Task goal
Please copy out the entries exactly, skipping any pictures.

Data for the task

......

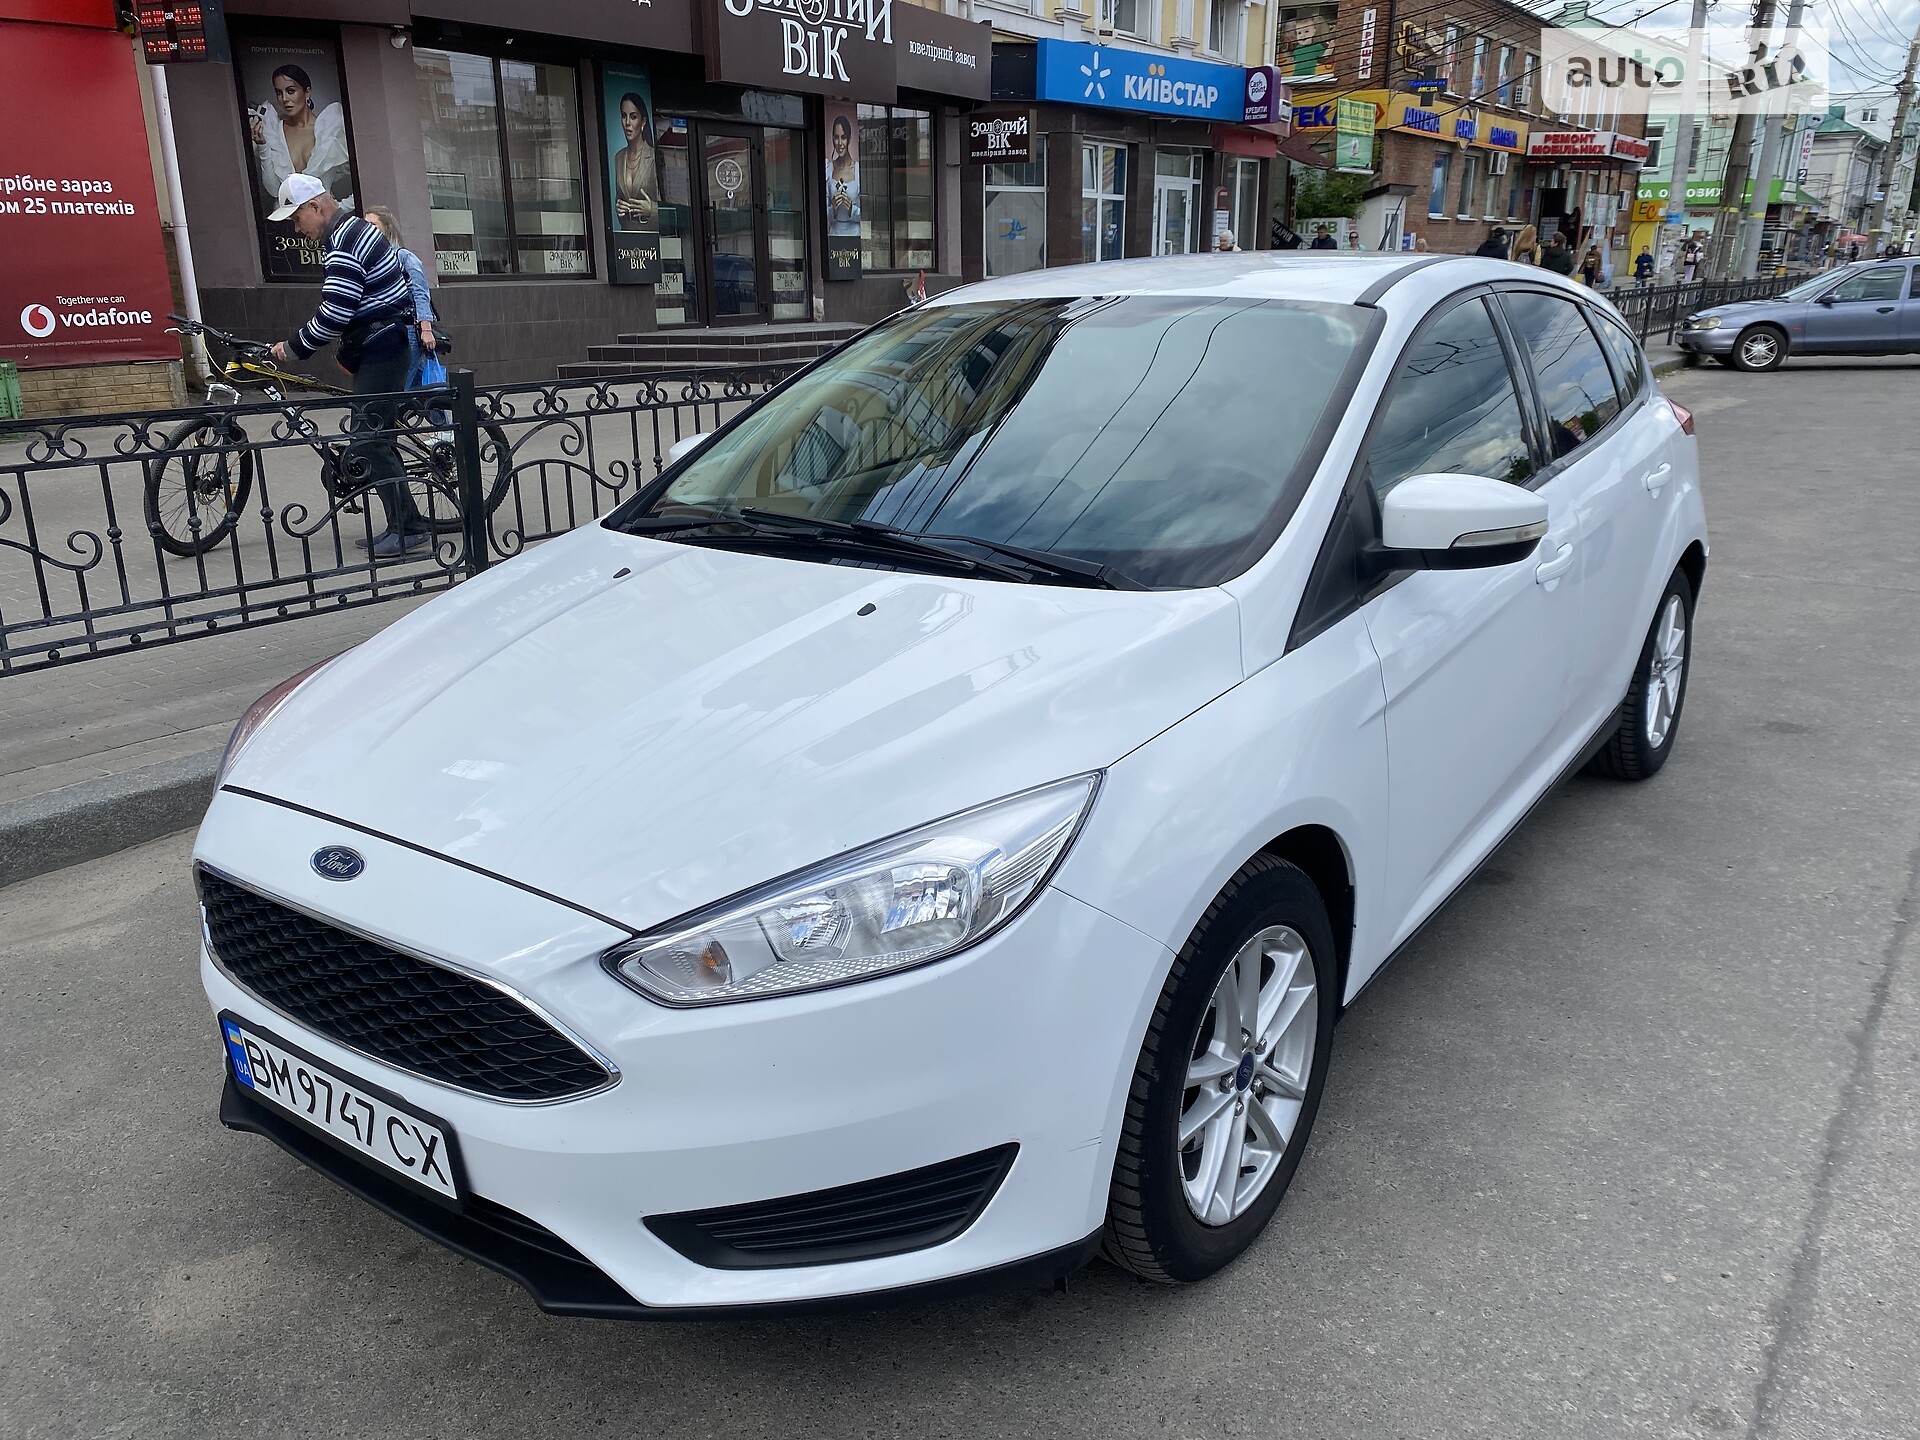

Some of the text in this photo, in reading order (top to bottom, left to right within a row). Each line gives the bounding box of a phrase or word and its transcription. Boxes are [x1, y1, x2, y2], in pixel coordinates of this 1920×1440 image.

[780, 18, 850, 82] ВІК
[909, 40, 976, 69] ювелірний завод
[1125, 63, 1218, 108] КИЇВСТАР
[1403, 106, 1440, 133] АПТЕКА
[987, 132, 1011, 149] ВІК
[1544, 133, 1597, 143] РЕМОНТ
[1531, 144, 1607, 154] МОБІЛЬНИХ
[61, 180, 113, 196] зараз
[23, 198, 47, 214] 25
[51, 200, 135, 215] платежів
[56, 296, 94, 306] Together
[60, 308, 152, 327] vodafone
[320, 851, 354, 873] Ford
[236, 1058, 251, 1077] UA
[244, 1037, 449, 1187] BM 9747 CX

......

Response below
Some of the text in this photo, in reading order (top to bottom, left to right within a row). Each line gives the bounding box of a phrase or word and its transcription. Boxes are [x1, y1, x2, y2], in pixel coordinates of this 1920×1440 image.

[780, 18, 850, 82] ВІК
[909, 40, 976, 69] ювелірний завод
[1125, 63, 1218, 108] КИЇВСТАР
[1403, 106, 1440, 133] АПТЕКА
[987, 132, 1011, 149] ВІК
[1544, 133, 1597, 143] РЕМОНТ
[1531, 144, 1607, 154] МОБІЛЬНИХ
[61, 180, 113, 196] зараз
[23, 198, 47, 214] 25
[51, 200, 135, 215] платежів
[56, 296, 94, 306] Together
[60, 308, 152, 327] vodafone
[320, 851, 354, 873] Ford
[236, 1058, 251, 1077] UA
[244, 1037, 449, 1187] BM 9747 CX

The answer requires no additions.